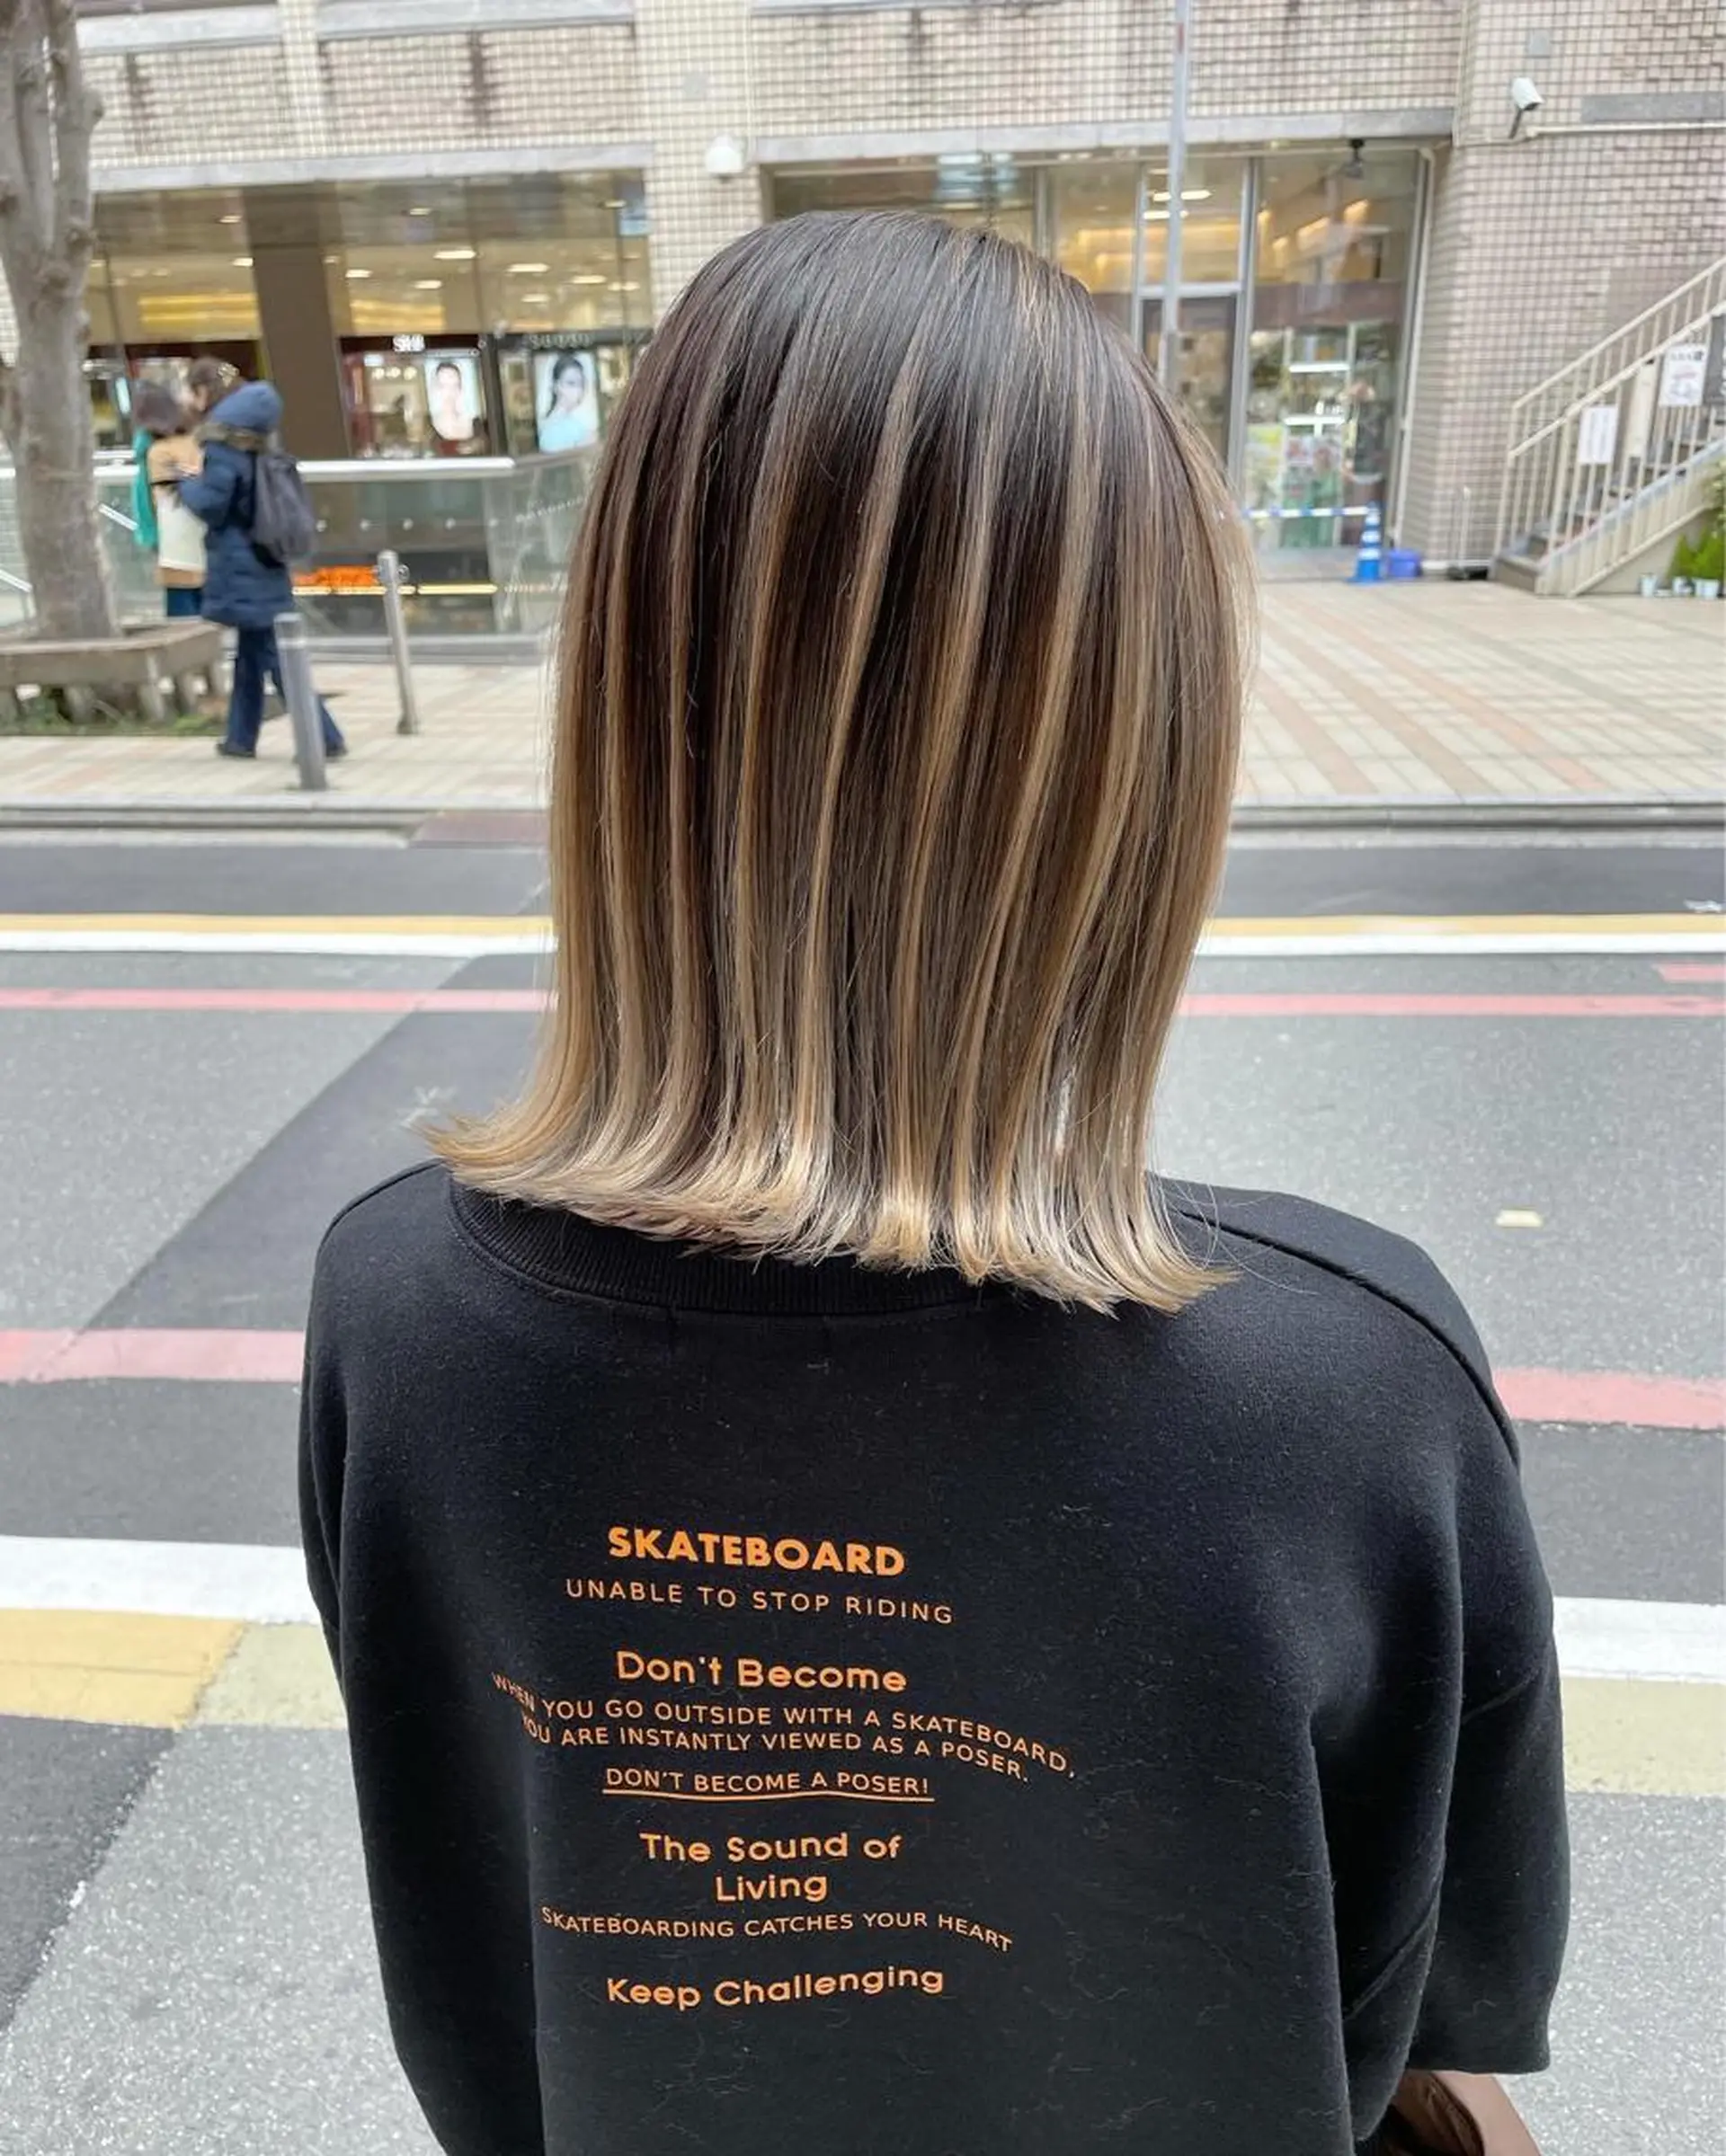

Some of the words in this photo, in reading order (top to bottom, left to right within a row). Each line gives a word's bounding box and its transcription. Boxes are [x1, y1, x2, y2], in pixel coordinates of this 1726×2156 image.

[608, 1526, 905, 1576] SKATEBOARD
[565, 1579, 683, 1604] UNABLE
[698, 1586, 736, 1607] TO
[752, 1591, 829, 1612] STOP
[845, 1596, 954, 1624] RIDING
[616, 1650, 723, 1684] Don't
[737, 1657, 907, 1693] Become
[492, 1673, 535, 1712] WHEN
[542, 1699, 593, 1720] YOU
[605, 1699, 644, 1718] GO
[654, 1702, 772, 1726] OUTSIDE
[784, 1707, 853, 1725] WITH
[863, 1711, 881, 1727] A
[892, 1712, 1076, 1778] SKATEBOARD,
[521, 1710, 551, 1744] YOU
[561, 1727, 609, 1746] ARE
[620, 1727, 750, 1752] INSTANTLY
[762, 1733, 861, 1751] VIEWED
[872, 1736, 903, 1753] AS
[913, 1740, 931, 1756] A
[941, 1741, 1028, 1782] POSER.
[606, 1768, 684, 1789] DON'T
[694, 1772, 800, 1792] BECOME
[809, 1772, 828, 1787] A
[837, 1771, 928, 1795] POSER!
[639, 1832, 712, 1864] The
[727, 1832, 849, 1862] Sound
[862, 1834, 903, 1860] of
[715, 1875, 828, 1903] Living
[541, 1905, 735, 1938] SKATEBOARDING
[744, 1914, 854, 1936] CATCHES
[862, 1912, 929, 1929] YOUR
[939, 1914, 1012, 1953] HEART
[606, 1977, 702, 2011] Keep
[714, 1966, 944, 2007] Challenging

*****

> Try it: Copy all the material exactly; omit images.

> Solution:
Some of the words in this photo, in reading order (top to bottom, left to right within a row). Each line gives a word's bounding box and its transcription. Boxes are [x1, y1, x2, y2], in pixel coordinates of this 1726×2156 image.

[608, 1526, 905, 1576] SKATEBOARD
[565, 1579, 683, 1604] UNABLE
[698, 1586, 736, 1607] TO
[752, 1591, 829, 1612] STOP
[845, 1596, 954, 1624] RIDING
[616, 1650, 723, 1684] Don't
[737, 1657, 907, 1693] Become
[492, 1673, 535, 1712] WHEN
[542, 1699, 593, 1720] YOU
[605, 1699, 644, 1718] GO
[654, 1702, 772, 1726] OUTSIDE
[784, 1707, 853, 1725] WITH
[863, 1711, 881, 1727] A
[892, 1712, 1076, 1778] SKATEBOARD,
[521, 1710, 551, 1744] YOU
[561, 1727, 609, 1746] ARE
[620, 1727, 750, 1752] INSTANTLY
[762, 1733, 861, 1751] VIEWED
[872, 1736, 903, 1753] AS
[913, 1740, 931, 1756] A
[941, 1741, 1028, 1782] POSER.
[606, 1768, 684, 1789] DON'T
[694, 1772, 800, 1792] BECOME
[809, 1772, 828, 1787] A
[837, 1771, 928, 1795] POSER!
[639, 1832, 712, 1864] The
[727, 1832, 849, 1862] Sound
[862, 1834, 903, 1860] of
[715, 1875, 828, 1903] Living
[541, 1905, 735, 1938] SKATEBOARDING
[744, 1914, 854, 1936] CATCHES
[862, 1912, 929, 1929] YOUR
[939, 1914, 1012, 1953] HEART
[606, 1977, 702, 2011] Keep
[714, 1966, 944, 2007] Challenging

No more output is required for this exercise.